◆ Task directions ◆
Omitting the pictures, restate all of the entries below exactly.
== == ==
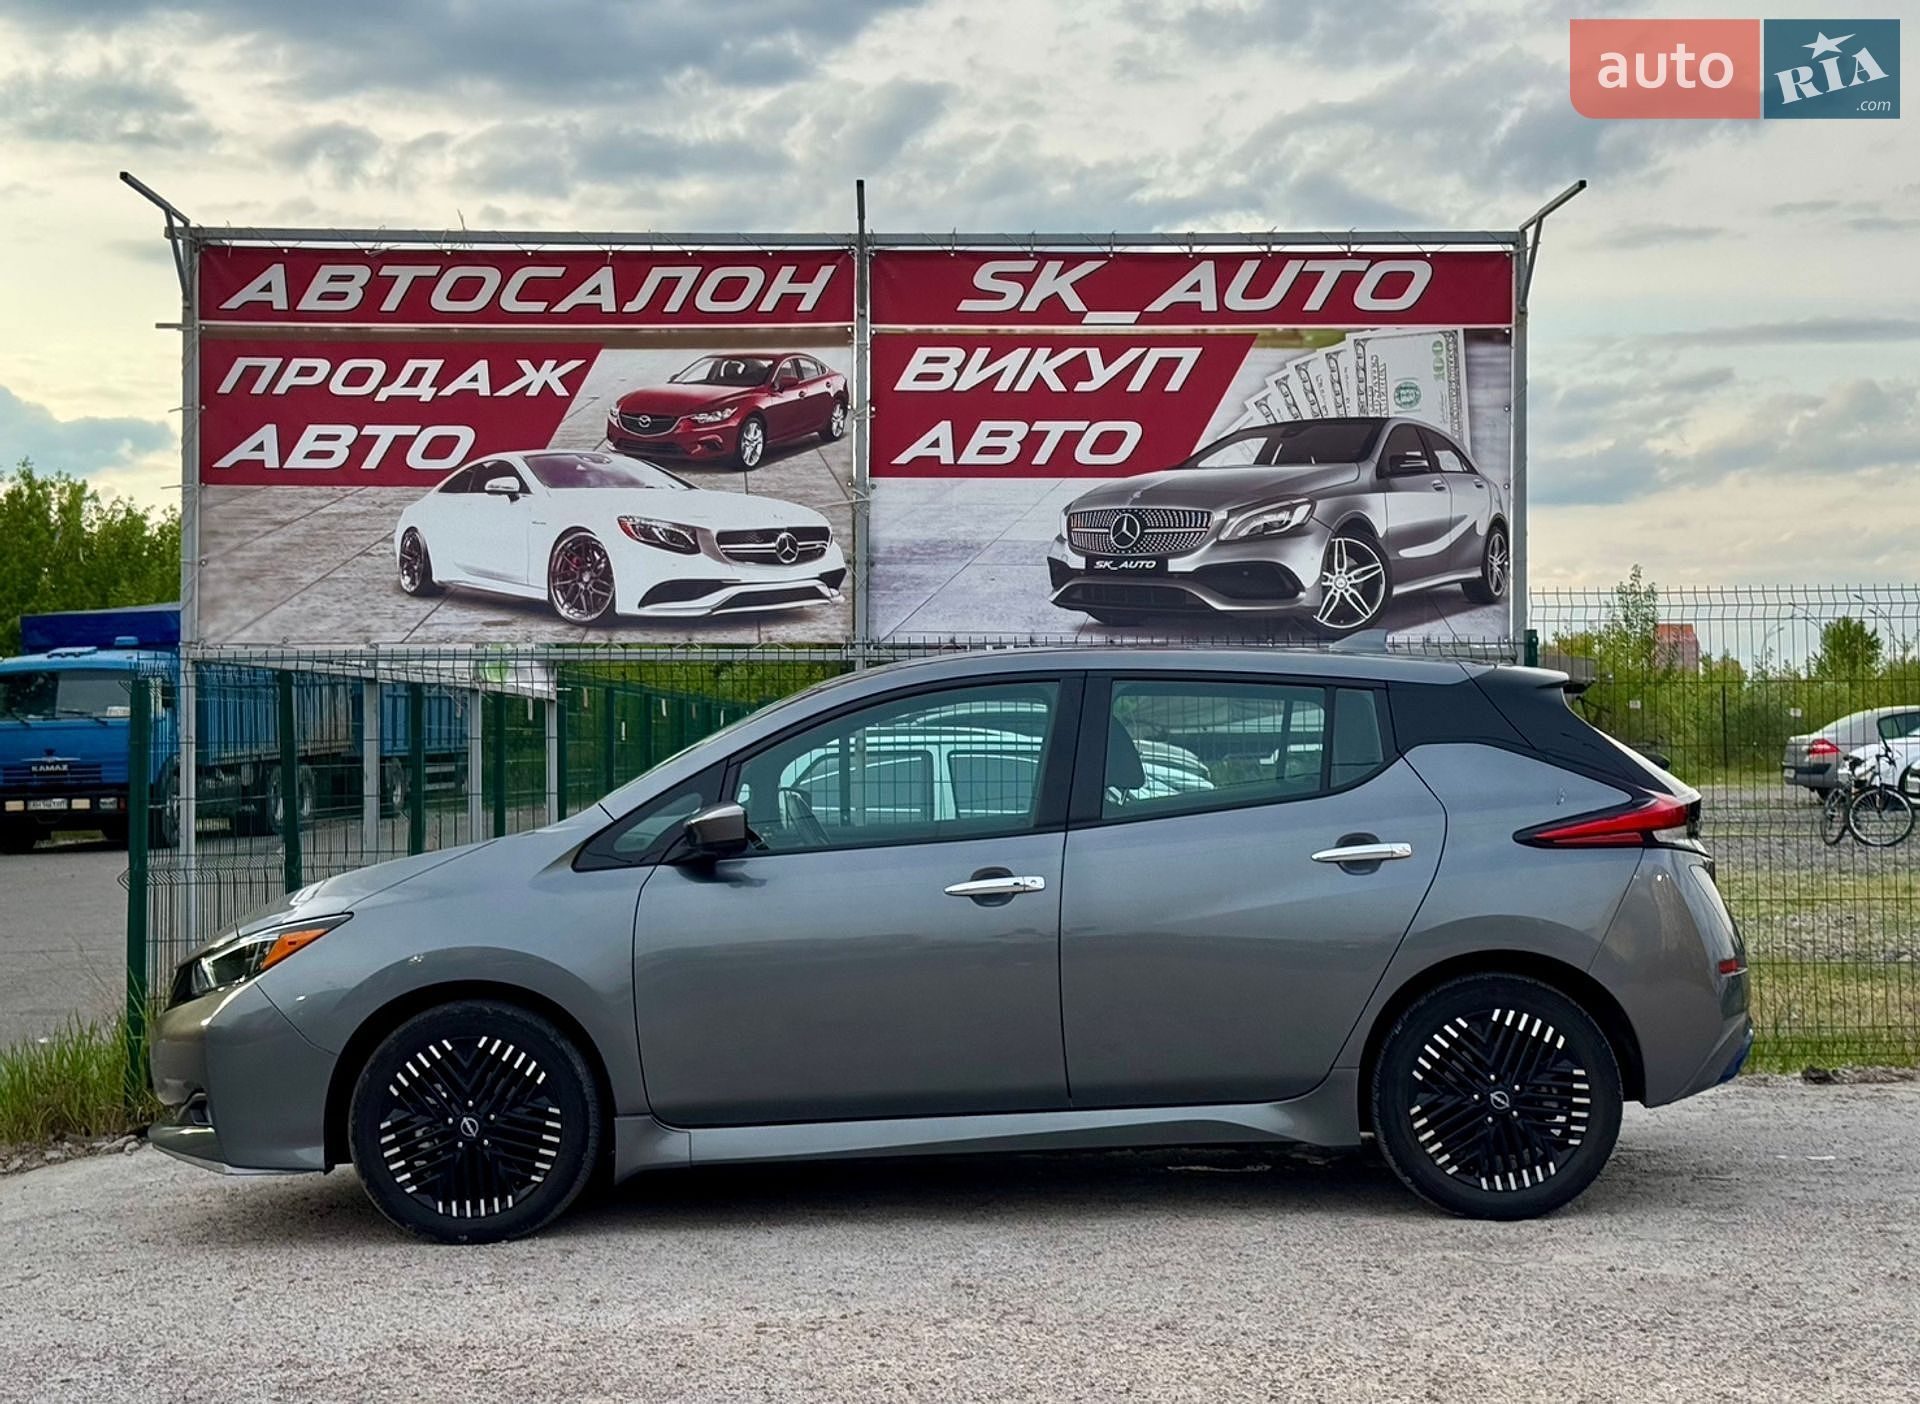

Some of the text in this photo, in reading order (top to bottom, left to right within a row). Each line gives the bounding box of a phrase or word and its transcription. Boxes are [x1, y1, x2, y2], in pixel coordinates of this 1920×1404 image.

[218, 263, 836, 312] АВТОСАЛОН
[957, 259, 1432, 324] SK_AUTO
[216, 357, 586, 402] ПРОДАЖ
[893, 346, 1202, 392] ВИКУП
[212, 423, 476, 470] АВТО
[891, 419, 1142, 465] АВТО
[1095, 560, 1156, 570] SK_AUTO
== == ==
◆ Problem solution ◆
Some of the text in this photo, in reading order (top to bottom, left to right within a row). Each line gives the bounding box of a phrase or word and its transcription. Boxes are [x1, y1, x2, y2], in pixel coordinates of this 1920×1404 image.

[218, 263, 836, 312] АВТОСАЛОН
[957, 259, 1432, 324] SK_AUTO
[216, 357, 586, 402] ПРОДАЖ
[893, 346, 1202, 392] ВИКУП
[212, 423, 476, 470] АВТО
[891, 419, 1142, 465] АВТО
[1095, 560, 1156, 570] SK_AUTO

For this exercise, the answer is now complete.